I numeri della disabilità
Nel nostro Paese le persone con disabilità, con più di 6 anni, che vivono in famiglia sono 2 milioni e 600 mila, pari al 4,8% della popolazione italiana (Istat, 2010). Si stima che in un distretto di 100.000 abitanti ci siano circa 20 bambini in queste condizioni. Un Pediatra di famiglia con 800 assistiti ha 3-4 pazienti con malattia genetica e/o disabilità congenita complessa. Secondo i dati del Ministero della Pubblica Istruzione, in Italia sono inseriti nelle classi  comuni, dalla materna alle superiori, circa 170.000  disabili su 7.700.000 alunni  con una media nazionale del 2,2 per cento, cioè un bambino disabile ogni 50 studenti.

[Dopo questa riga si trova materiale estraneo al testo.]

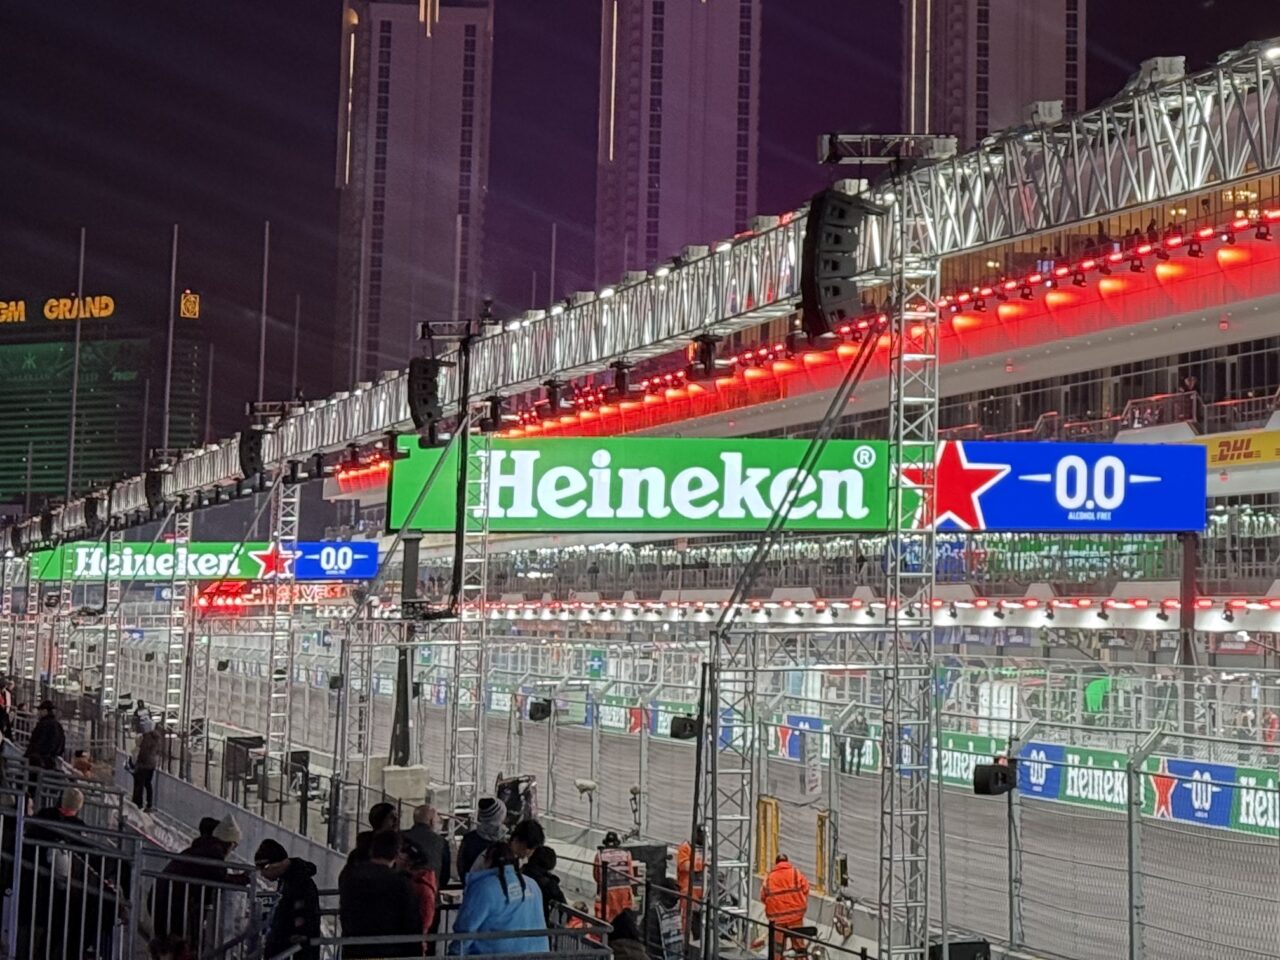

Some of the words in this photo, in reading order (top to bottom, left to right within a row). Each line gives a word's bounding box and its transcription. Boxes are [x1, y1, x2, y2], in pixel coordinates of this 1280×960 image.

[43, 295, 115, 320] GRAND
[1218, 438, 1254, 462] DHL
[476, 449, 870, 519] Heineken
[1055, 455, 1125, 510] 0.0
[1096, 511, 1112, 521] FREE
[73, 546, 242, 577] Heineken
[319, 547, 353, 572] 0.0
[1065, 753, 1147, 809] Heinek
[1191, 770, 1211, 810] 0.0
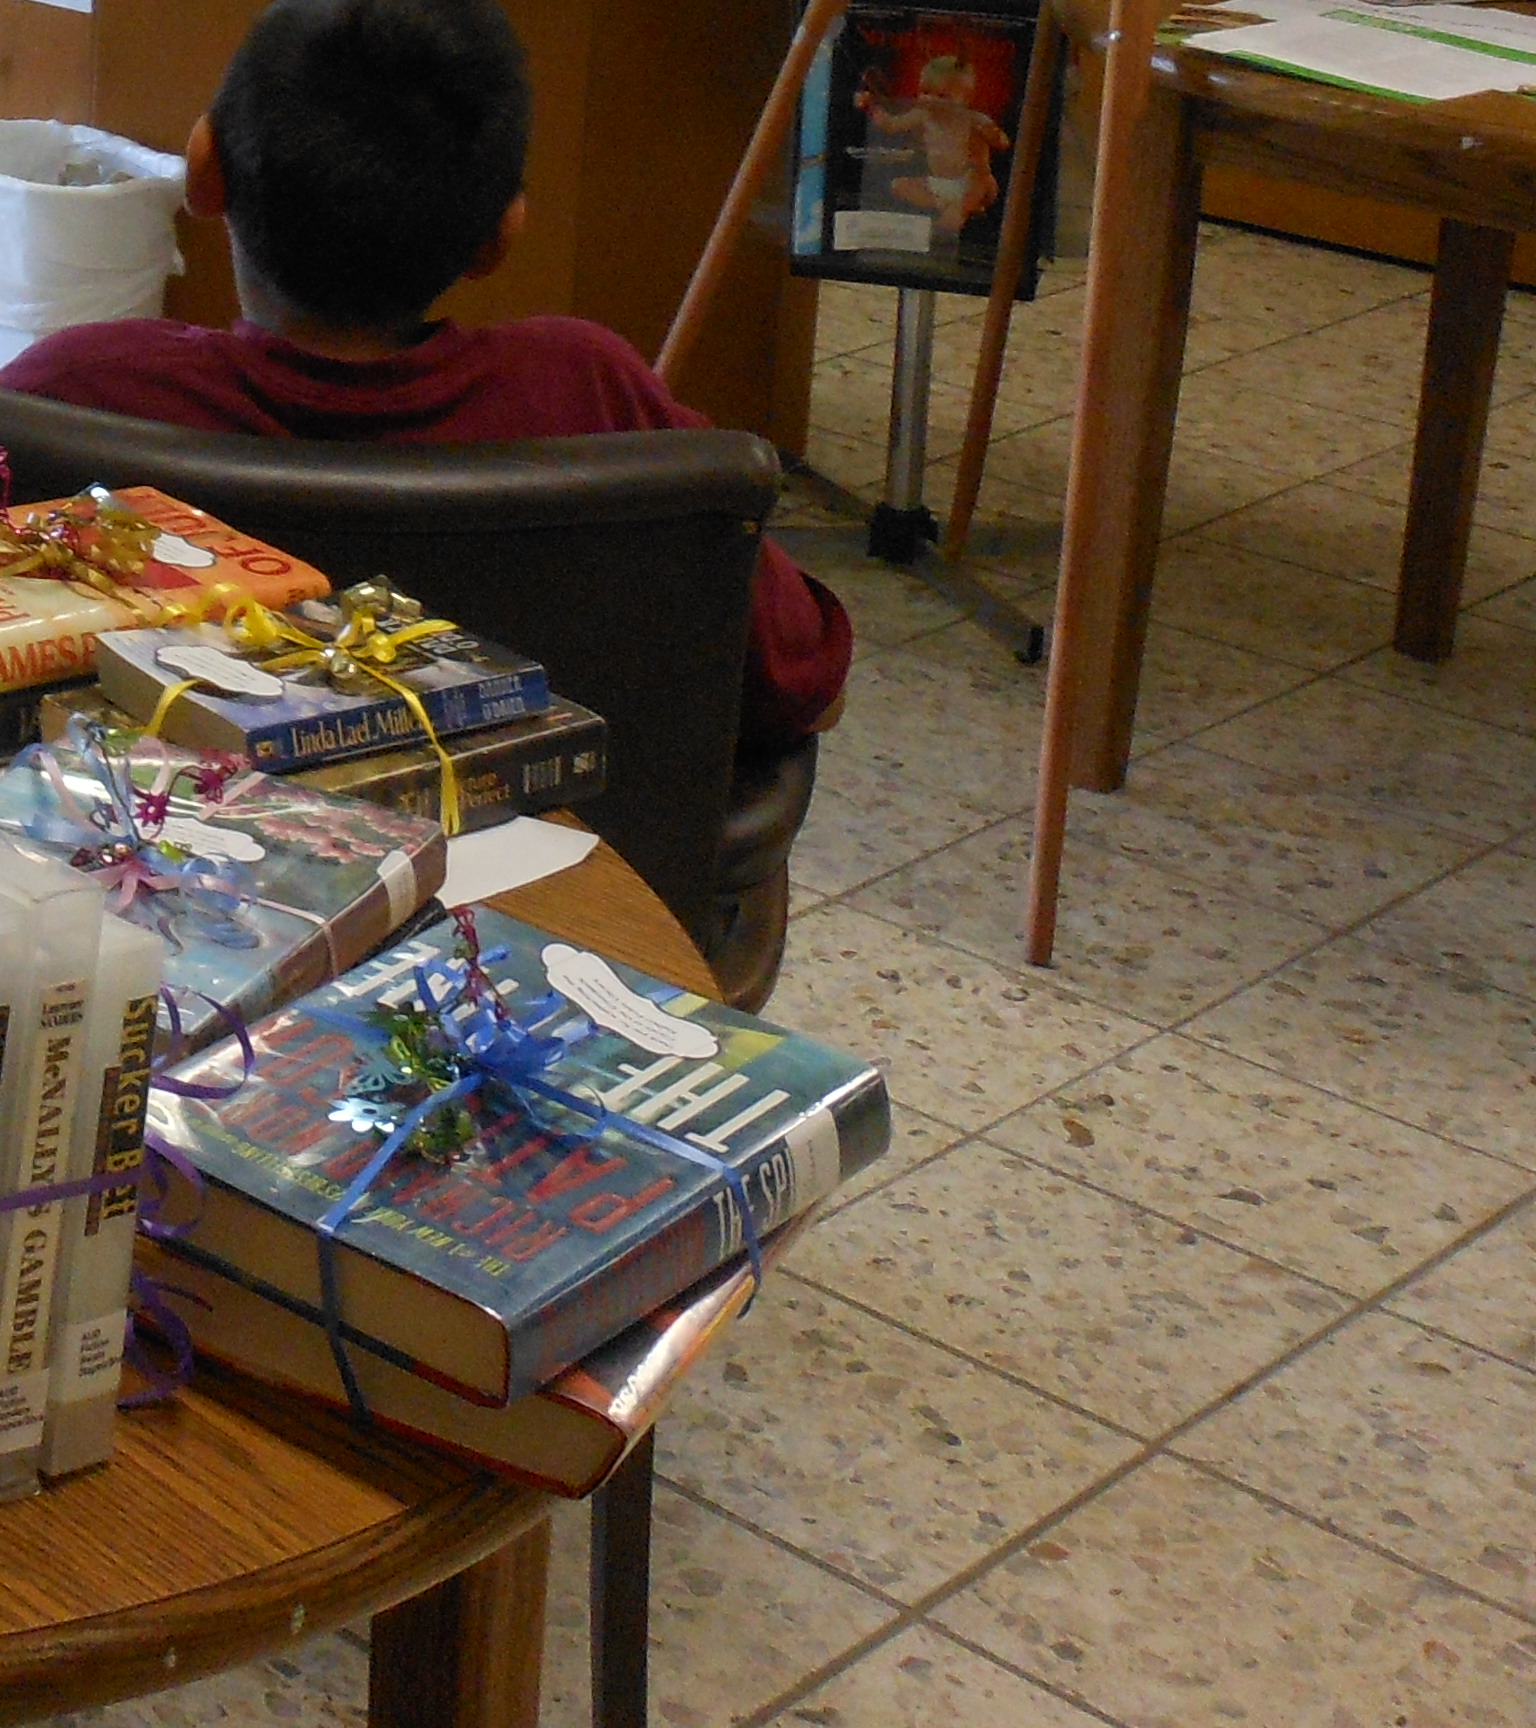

Le risposte del sistema per la famiglia
I programmi riabilitativi e di supporto, oggi disponibili, sono mirati alla patologia specifica del disabile: molto poco considerata è la sua famiglia. L’80% delle famiglie in cui è presente una persona con disabilità non riceve alcun aiuto o supporto pubblico (Fonte: Istat, 2010).

Gli interventi per il supporto della famiglia sono quindi già pochi;  per i fratelli, in particolare, non è previsto alcun intervento. Cosa servirebbe?

  • Un supporto psicologico per i genitori e i fratelli;
  • una “rete” che impedisca alla famiglia di chiudersi in sé stessa e l’aiuti ad entrare in relazione con altre famiglie, magari con problemi analoghi;
  • supporti logistici che permettano ai genitori un recupero della loro dimensione e delle loro forze;
  • una buona azione di counselling per aiutare i genitori a fare le scelte più opportune;
  • ridurre la burocrazia che costringe le famiglie a faticosi percorsi per ottenere elementari diritti.

“In sintesi, è il ‘sistema’ che deve andare incontro alla famiglia e non viceversa, con un’azione di tipo tutoriale e multidisciplinare”, conclude Montini sottolineando che “l’imperativo è facilitare l’accettazione della patologia e supportare un percorso sostenibile che dia serenità al genitore e alla sua famiglia”.

Lo studio Acp per individuare i bisogni
Ad oggi, in Italia sono condotti pochi studi sui bisogni dei fratelli disabili e su piccoli numeri. L’ACP propone di avviare su tutto il territorio un’indagine trasversale, utilizzando un questionario da proporre ai fratelli dei disabili e ad una popolazione normale di età omogenea come controllo. Per raggiungere un gran numero di famiglie lo studio coinvolgerà le diverse figure professionali e gli enti che entrano in contatto con le famiglie dei disabili: pediatri di famiglia e di comunità, assistenti sociali, enti e associazioni di volontariato.

L’aiuto alle famiglia rientra tra le priorità dell’ACP. Quest’anno l'Associazione Culturale Pediatri (ACP) e la Federazione Italiana per il Superamento dell'Handicap (FISH) hanno firmato un protocollo d’intesa per la tutela del diritto al benessere e allo sviluppo psicofisico dei bambini e degli adolescenti, in particolare di quelli con disabilità.